START Material for this task
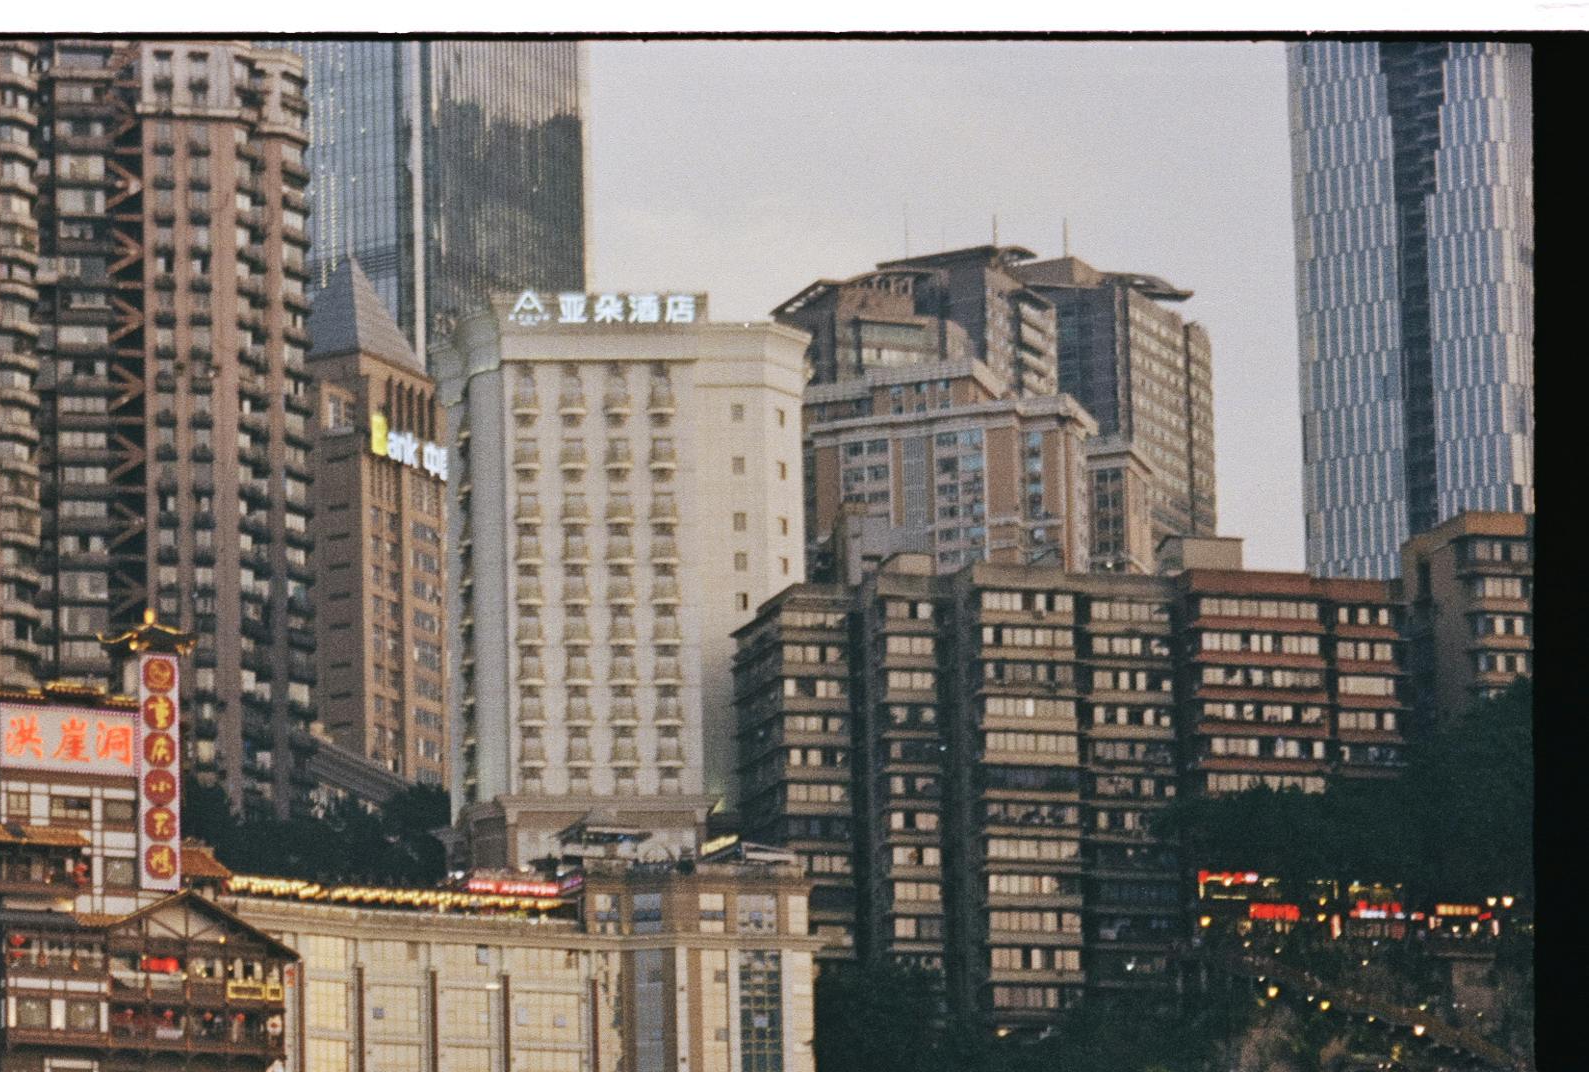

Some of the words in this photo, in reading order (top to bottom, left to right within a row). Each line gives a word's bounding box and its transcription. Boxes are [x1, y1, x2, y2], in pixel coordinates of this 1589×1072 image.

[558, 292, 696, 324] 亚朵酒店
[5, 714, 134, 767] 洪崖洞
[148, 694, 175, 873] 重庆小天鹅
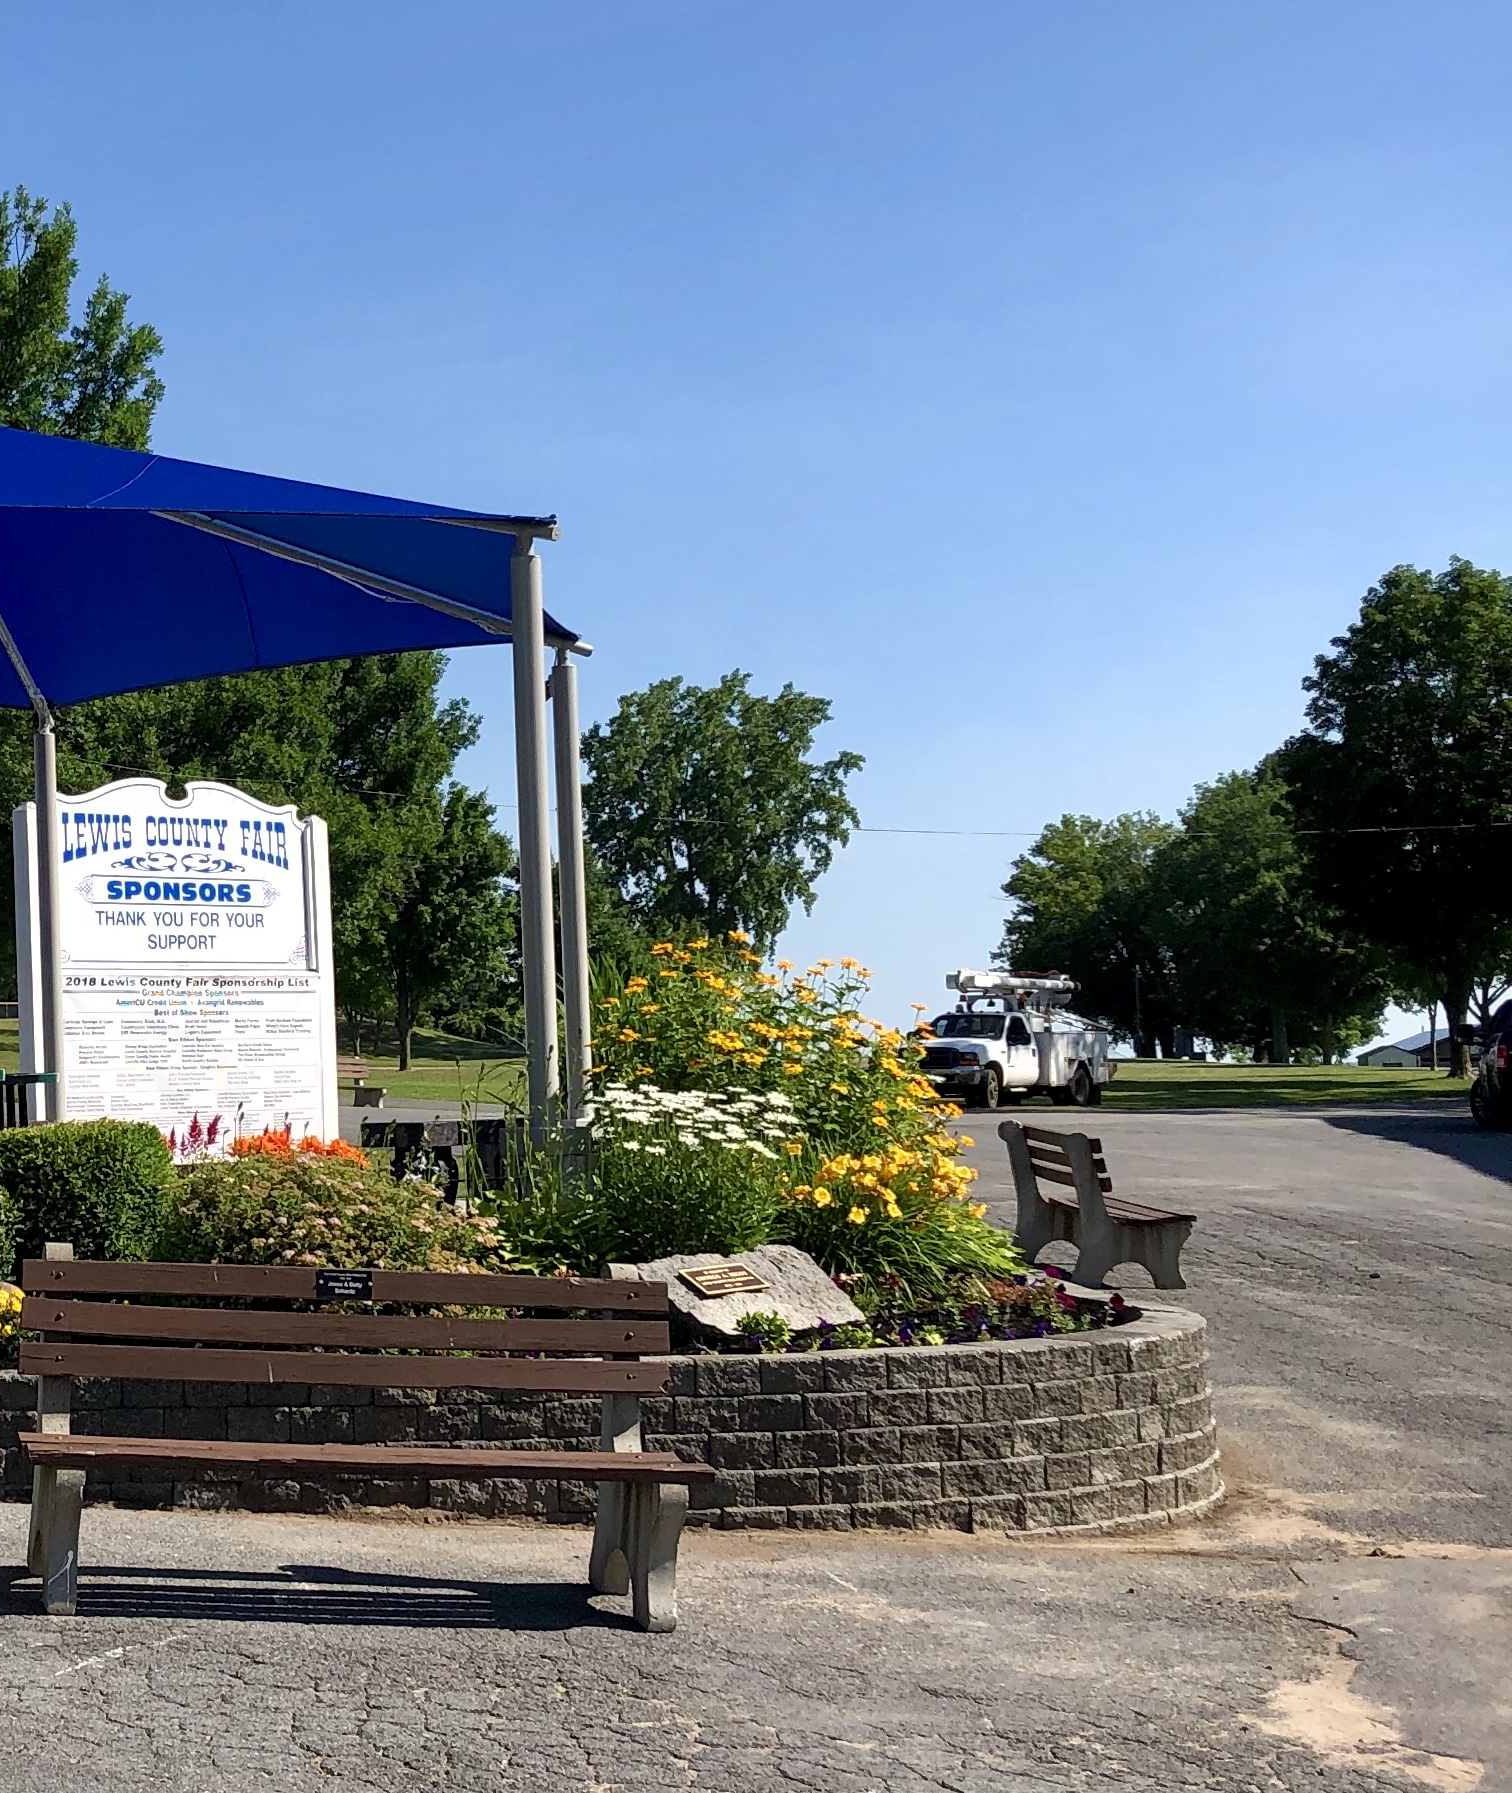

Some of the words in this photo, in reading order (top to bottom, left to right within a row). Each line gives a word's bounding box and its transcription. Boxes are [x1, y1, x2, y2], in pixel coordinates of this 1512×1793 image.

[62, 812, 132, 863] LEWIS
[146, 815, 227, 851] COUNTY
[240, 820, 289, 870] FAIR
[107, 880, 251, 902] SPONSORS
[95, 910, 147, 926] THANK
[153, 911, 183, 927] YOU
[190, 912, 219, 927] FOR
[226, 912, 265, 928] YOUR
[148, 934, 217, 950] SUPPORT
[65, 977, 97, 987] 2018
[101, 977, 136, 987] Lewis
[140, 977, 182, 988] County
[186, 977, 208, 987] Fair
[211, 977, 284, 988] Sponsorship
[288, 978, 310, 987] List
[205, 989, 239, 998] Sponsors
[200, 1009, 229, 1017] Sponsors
END Material for this task
* _Exercise goal_
Copy out all the records exactly, excluding pictures.

* _Expected answer_
Some of the words in this photo, in reading order (top to bottom, left to right within a row). Each line gives a word's bounding box and its transcription. Boxes are [x1, y1, x2, y2], in pixel coordinates of this 1589×1072 image.

[558, 292, 696, 324] 亚朵酒店
[5, 714, 134, 767] 洪崖洞
[148, 694, 175, 873] 重庆小天鹅

Some of the words in this photo, in reading order (top to bottom, left to right within a row). Each line gives a word's bounding box and its transcription. Boxes are [x1, y1, x2, y2], in pixel coordinates of this 1512×1793 image.

[62, 812, 132, 863] LEWIS
[146, 815, 227, 851] COUNTY
[240, 820, 289, 870] FAIR
[107, 880, 251, 902] SPONSORS
[95, 910, 147, 926] THANK
[153, 911, 183, 927] YOU
[190, 912, 219, 927] FOR
[226, 912, 265, 928] YOUR
[148, 934, 217, 950] SUPPORT
[65, 977, 97, 987] 2018
[101, 977, 136, 987] Lewis
[140, 977, 182, 988] County
[186, 977, 208, 987] Fair
[211, 977, 284, 988] Sponsorship
[288, 978, 310, 987] List
[205, 989, 239, 998] Sponsors
[200, 1009, 229, 1017] Sponsors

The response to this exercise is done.